> RECORDS PROVIDED
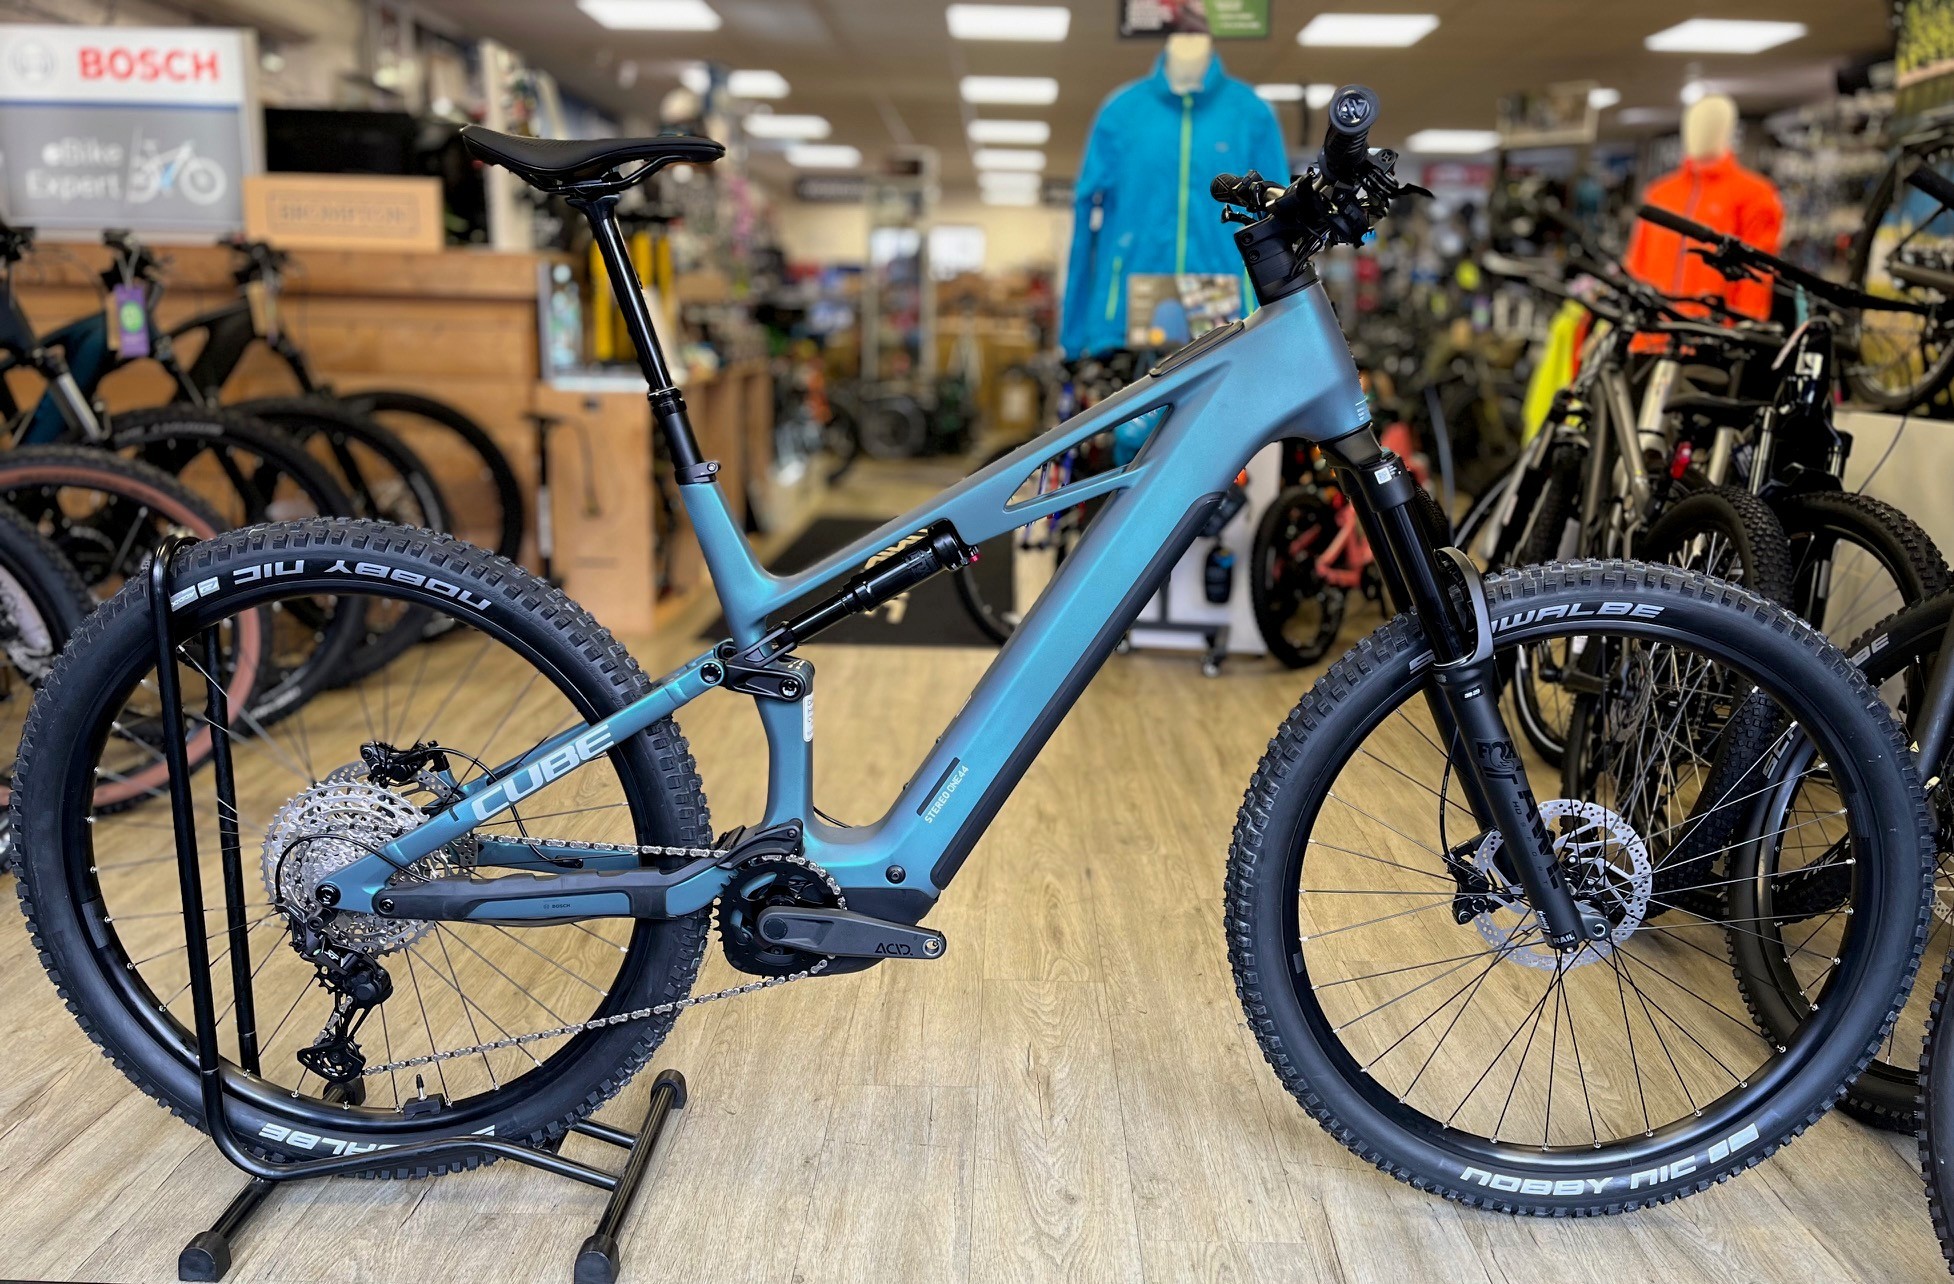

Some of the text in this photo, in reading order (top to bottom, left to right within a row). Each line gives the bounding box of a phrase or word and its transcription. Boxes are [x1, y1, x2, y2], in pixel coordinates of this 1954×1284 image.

[78, 47, 220, 82] BOSCH
[1409, 601, 1666, 675] SWALBE
[471, 724, 615, 821] CUBE
[924, 765, 970, 824] STEREO ONE44
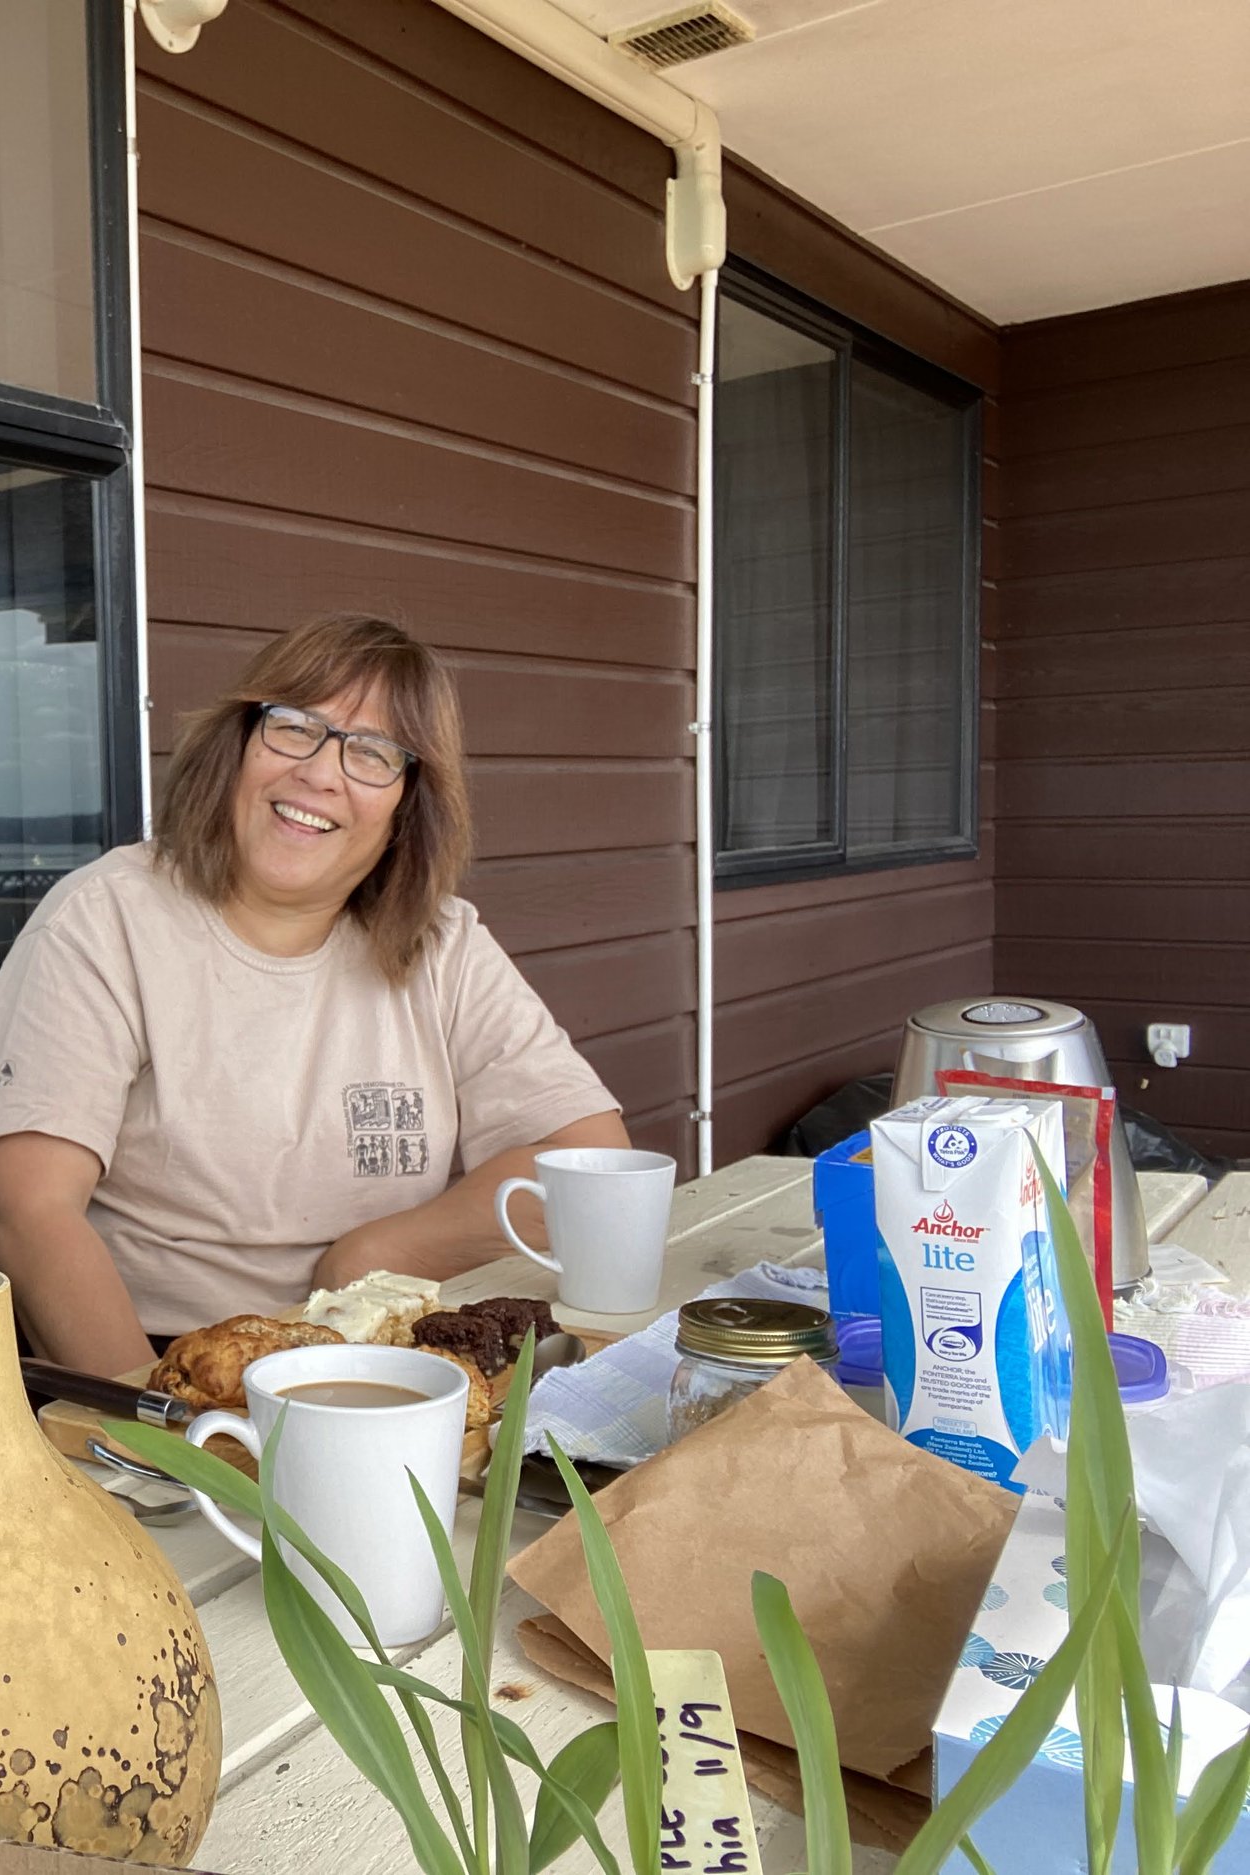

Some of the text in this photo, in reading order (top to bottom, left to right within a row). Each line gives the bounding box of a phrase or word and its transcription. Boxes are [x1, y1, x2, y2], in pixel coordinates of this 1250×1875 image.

> WHAT TO PRODUCE
An exact reproduction of every record above is required, with no pictures included.

> REPLY TO THE TASK
Some of the text in this photo, in reading order (top to bottom, left to right within a row). Each line gives the bounding box of a phrase or word and its transcription. Boxes are [x1, y1, x2, y2], in pixel coordinates of this 1954×1284 image.

[78, 47, 220, 82] BOSCH
[1409, 601, 1666, 675] SWALBE
[471, 724, 615, 821] CUBE
[924, 765, 970, 824] STEREO ONE44

Some of the text in this photo, in reading order (top to bottom, left to right within a row). Each line gives the bounding box of a phrase or word and its transcription. Boxes are [x1, y1, x2, y2], in pixel coordinates of this 1250×1875 image.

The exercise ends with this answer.